1st May 2025
The iHV is delighted to celebrate the launch of the Wales Mental Health and Wellbeing Strategy and Delivery Plan. Published yesterday, the 10-year plan outlines ambitions to ensure people in Wales live in communities that:
- promote and support mental health and wellbeing
- give them the power to improve their mental health and wellbeing
- are free from stigma and discrimination.
The strategy has been informed and shaped through extensive engagement with the public, people with lived experience and stakeholders, including the iHV, and sets out the key priorities needed to achieve these ambitions.
Specialist Health Visitors for Perinatal Mental Health in Wales have collectively reflected on the strategy, saying:
“We really welcome the focus on the importance of Infant Mental Health and the First 1000 days, particularly on improving support for parent-infant relationships.
“It’s so good to read the individual stories highlighting the important role that health visiting plays in identifying and supporting Perinatal Mental Health and Parent-Infant relationship difficulties.
“We look forward to seeing how the implementation of this strategy develops in Wales, so that all babies not only have the best start, but flourish across their life.”
Hilda Beauchamp, iHV PIMH Lead, says:
“Our submission to the strategy consultation last year urged recognition that good mental health requires a life course approach which includes a focus on the earliest years of life, from conception onwards.

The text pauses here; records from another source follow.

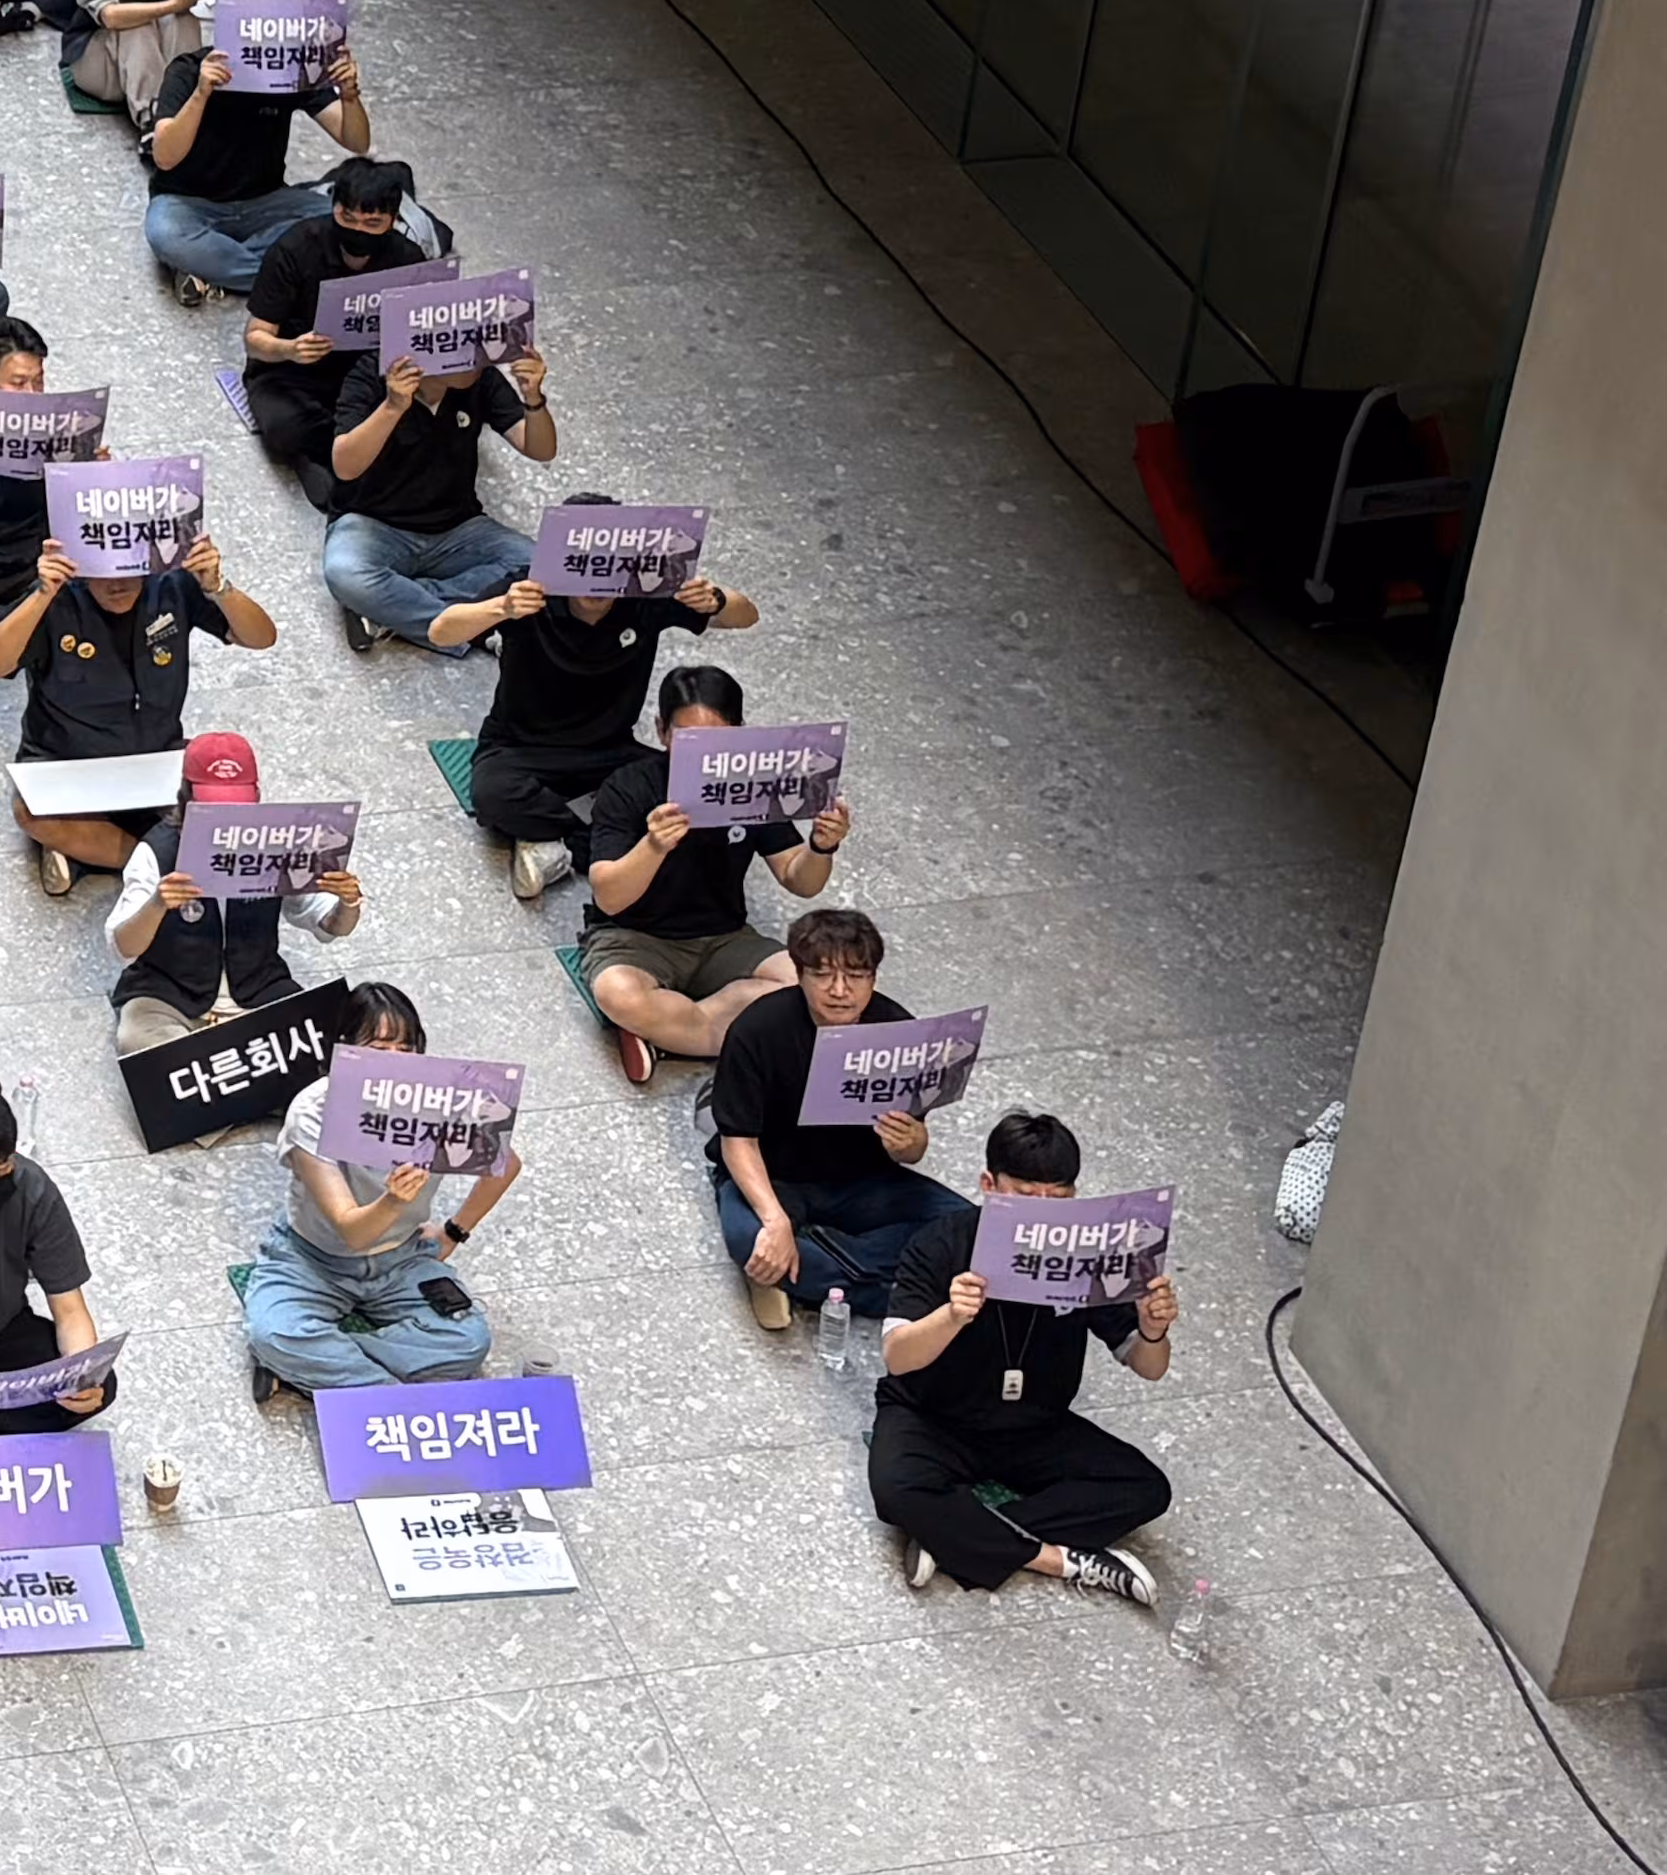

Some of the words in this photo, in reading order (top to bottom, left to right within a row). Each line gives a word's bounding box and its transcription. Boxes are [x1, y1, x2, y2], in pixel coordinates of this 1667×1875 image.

[239, 17, 325, 41] 네이버가
[239, 45, 323, 69] 책임져라
[409, 295, 505, 330] 네이버가
[409, 323, 505, 355] 책임져라
[76, 485, 178, 516] 네이버가
[79, 517, 179, 549] 책임져라
[567, 526, 670, 551] 네이버가
[563, 554, 668, 576] 책임져라
[702, 747, 811, 777] 네이버가
[700, 777, 806, 804] 책임져라
[212, 825, 322, 850] 네이버가
[209, 853, 319, 876] 책임져라
[167, 1021, 325, 1105] 다른회사
[843, 1037, 953, 1076] 네이버가
[362, 1079, 485, 1114] 네이버가
[841, 1070, 946, 1103] 책임져라
[359, 1113, 479, 1147] 책임져라
[1013, 1220, 1138, 1251] 네이버가
[1009, 1253, 1137, 1281] 책임져라
[364, 1406, 541, 1463] 책임져라

We are encouraged to see the all-age approach encompassed in the vision statements and the clear recognition given to the vital role of health visitors. We know that a well-resourced and appropriately trained health visiting workforce can provide clinical and cost-effective care to families. This can prevent mental health issues developing or escalating and ensure that families who need additional support receive it as soon as possible. The character story of Dan and baby Elijah beautifully illustrates the impact of a trusted health visitor relationship in improving paternal mental health and the father-baby relationship.”
Delivery plans to accompany the strategy and ensure best use of resources to achieve the vision will be developed, alongside the development of a ‘theory of change’ to set out the mechanism by which the strategy intends to achieve its outcomes. The success of the strategy in achieving long-term systemic change relies on continued collaboration, partnership working and shared ownership of mental health and wellbeing.